As previously described, during conventional drilling operations, it is typically desirable to replace the drill bit that is engaging the earthen formation after the usable life of the bit has been exhausted. Each time such a bit replacement is performed the entire drillstring must be tripped to the surface, thus greatly increasing the costs of performing drilling operations. Accordingly, embodiments disclosed herein include drill bits comprising fixed blades having a plurality of cutter elements disposed thereon and rotating cones having a plurality of cutter elements disposed thereon to effectively increase the number of cutter elements and volume of cutting material available for engaging the subterranean formation during drilling operations.
Referring now to FIG. 1, an embodiment of a drilling system 10 is schematically shown. In this embodiment, drilling system 10 includes a drilling rig 20 positioned over a borehole 11 penetrating a subsurface formation 12 and a drillstring 30 suspended in borehole 11 from a derrick 21 of rig 20. Drillstring 30 has a central or longitudinal axis 31, a first or uphole end 30a coupled to derrick 21, and a second or downhole end 30b opposite end 30a. In addition, drillstring 30 includes a drill bit 100 at downhole end 30b and a plurality of pipe joints 33 extending from bit 100 to uphole end 30a. Pipe joints 33 are connected end-to-end, and drill bit 100 is connected to the lower end of the lowermost pipe joint 33. A bottomhole assembly (BHA) (not shown) can be disposed along drillstring 30 proximal drill bit 100 (e.g., axially between lowermost pipe joint 33 and drill bit 100).
In this embodiment, drill bit 100 is rotated by rotation of drillstring 30 from the surface 14. In particular, drillstring 30 is rotated by a rotary table 22 that engages a kelly 23 coupled to uphole end 30a of drillstring 30. Kelly 23, and hence drillstring 30, is suspended from a hook 24 attached to a traveling block (not shown) with a rotary swivel 25 which permits rotation of drillstring 30 relative to derrick 21. Although drill bit 100 is rotated from the surface 14 with rotary table 22 and drillstring 30 in this embodiment, in general, drill bit 100 can be rotated with a rotary table or a top drive disposed at the surface 14, a downhole mud motor disposed in a BHA, or combinations thereof (e.g., rotated by both rotary table via the drillstring and the mud motor, rotated by a top drive and the mud motor, etc.).
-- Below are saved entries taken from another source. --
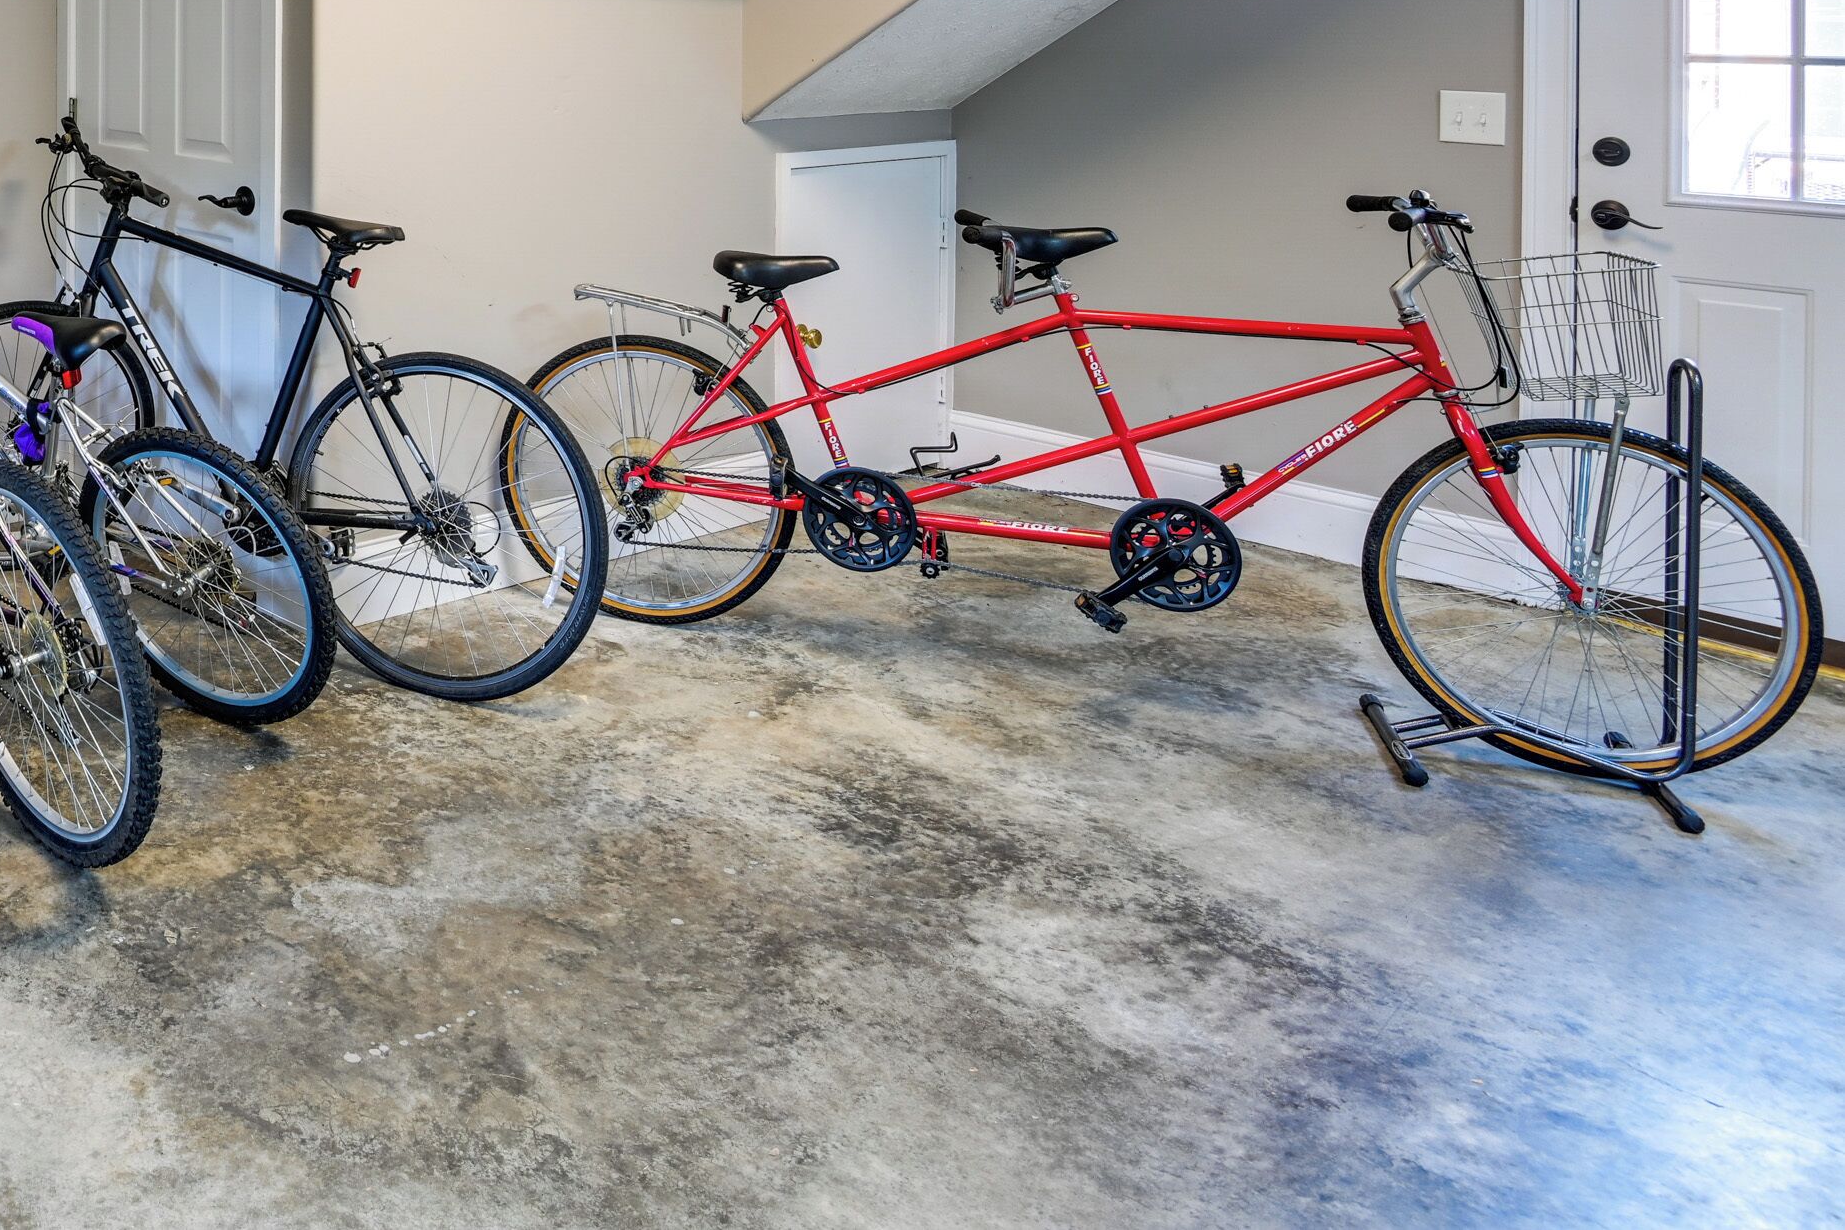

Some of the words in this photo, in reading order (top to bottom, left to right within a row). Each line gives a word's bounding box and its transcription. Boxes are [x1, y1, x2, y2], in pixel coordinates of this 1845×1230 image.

[122, 299, 184, 399] TREK
[1085, 347, 1105, 385] FIORE
[824, 422, 842, 457] FIORE
[1305, 420, 1357, 459] FIORE
[1011, 521, 1069, 533] FIORE
For example, rotation via a downhole motor may be employed to supplement the rotational power of a rotary table 22, if required, and/or to effect changes in the drilling process. Thus, it should be appreciated that the various aspects disclosed herein are adapted for employment in each of these drilling configurations and are not limited to conventional rotary drilling operations.
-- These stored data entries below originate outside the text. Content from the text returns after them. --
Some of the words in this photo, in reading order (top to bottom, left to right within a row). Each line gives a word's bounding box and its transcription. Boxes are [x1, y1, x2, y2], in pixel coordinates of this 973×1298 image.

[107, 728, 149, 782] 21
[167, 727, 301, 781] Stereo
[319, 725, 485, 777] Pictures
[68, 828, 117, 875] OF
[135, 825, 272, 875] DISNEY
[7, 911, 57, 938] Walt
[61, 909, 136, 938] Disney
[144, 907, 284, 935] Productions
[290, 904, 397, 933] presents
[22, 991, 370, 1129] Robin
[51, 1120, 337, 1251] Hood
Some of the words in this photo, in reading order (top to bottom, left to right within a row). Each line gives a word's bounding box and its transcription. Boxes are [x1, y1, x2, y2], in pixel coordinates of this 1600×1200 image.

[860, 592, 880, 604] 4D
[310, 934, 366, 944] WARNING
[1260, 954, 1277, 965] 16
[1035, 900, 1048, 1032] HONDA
During drilling operations, a mud pump 26 at the surface 14 pumps drilling fluid or mud down the interior of drillstring 30 via a port in swivel 25. The drilling fluid exits drillstring 30 through ports or nozzles in the face of drill bit 100, and then circulates back to the surface 14 through the annulus 13 between drillstring 30 and the sidewall of borehole 11. The drilling fluid functions to lubricate and cool drill bit 100, and carry formation cuttings to the surface 14.
Referring briefly now to FIG. 2, the borehole 11 created by bit 100 includes sidewall 55, corner portion 56, and bottom 57. The mean effective stress around a borehole (e.g., borehole 11) is typically greatest at corner portion 56. Consequently, as compared to sidewall 55 and bottom 57 of borehole 11, corner portion 56 is generally harder and more difficult to cut. Thus, as will be explained in more detail below, embodiments disclosed herein include drill bits (e.g., bit 100) having rotating cone cutters with row(s) of cutter elements disposed thereon, thereby increasing the number of cutter elements available for engaging corner 56 of borehole 11 during drilling operations.
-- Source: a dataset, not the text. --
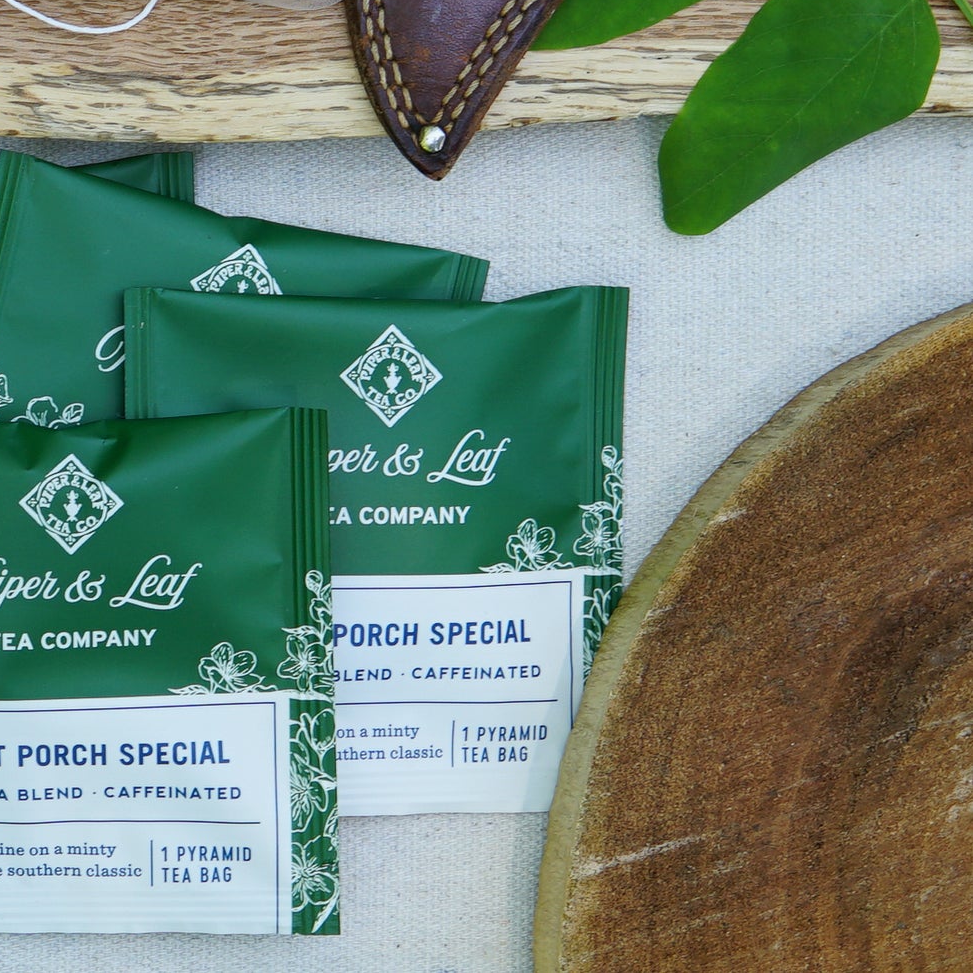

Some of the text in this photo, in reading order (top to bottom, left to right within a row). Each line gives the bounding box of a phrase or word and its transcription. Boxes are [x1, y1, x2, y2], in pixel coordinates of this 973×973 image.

Referring now to FIGS. 3-7, drill bit 100 of system 10 is shown. Bit 100 has a central, longitudinal axis 105 about which bit 100 rotates in the cutting direction represented by arrow 103, a first or upper end 100a, and a second or lower end 100b opposite upper end 100a. In addition, bit 100 includes a bit body 101 having a threaded connection or pin 106 at upper end 100a for connecting bit 100 to drillstring 30, a cutting structure 120 at lower end 100b for engaging and cutting the formation (e.g., formation 12), and a shank 108 extending axially between pin 106 and cutting structure 120. Shank 108 provides a contact surface such that torqueing tools and/or assemblies may grip bit 100 to facilitate connection of bit 100 to drillstring 30.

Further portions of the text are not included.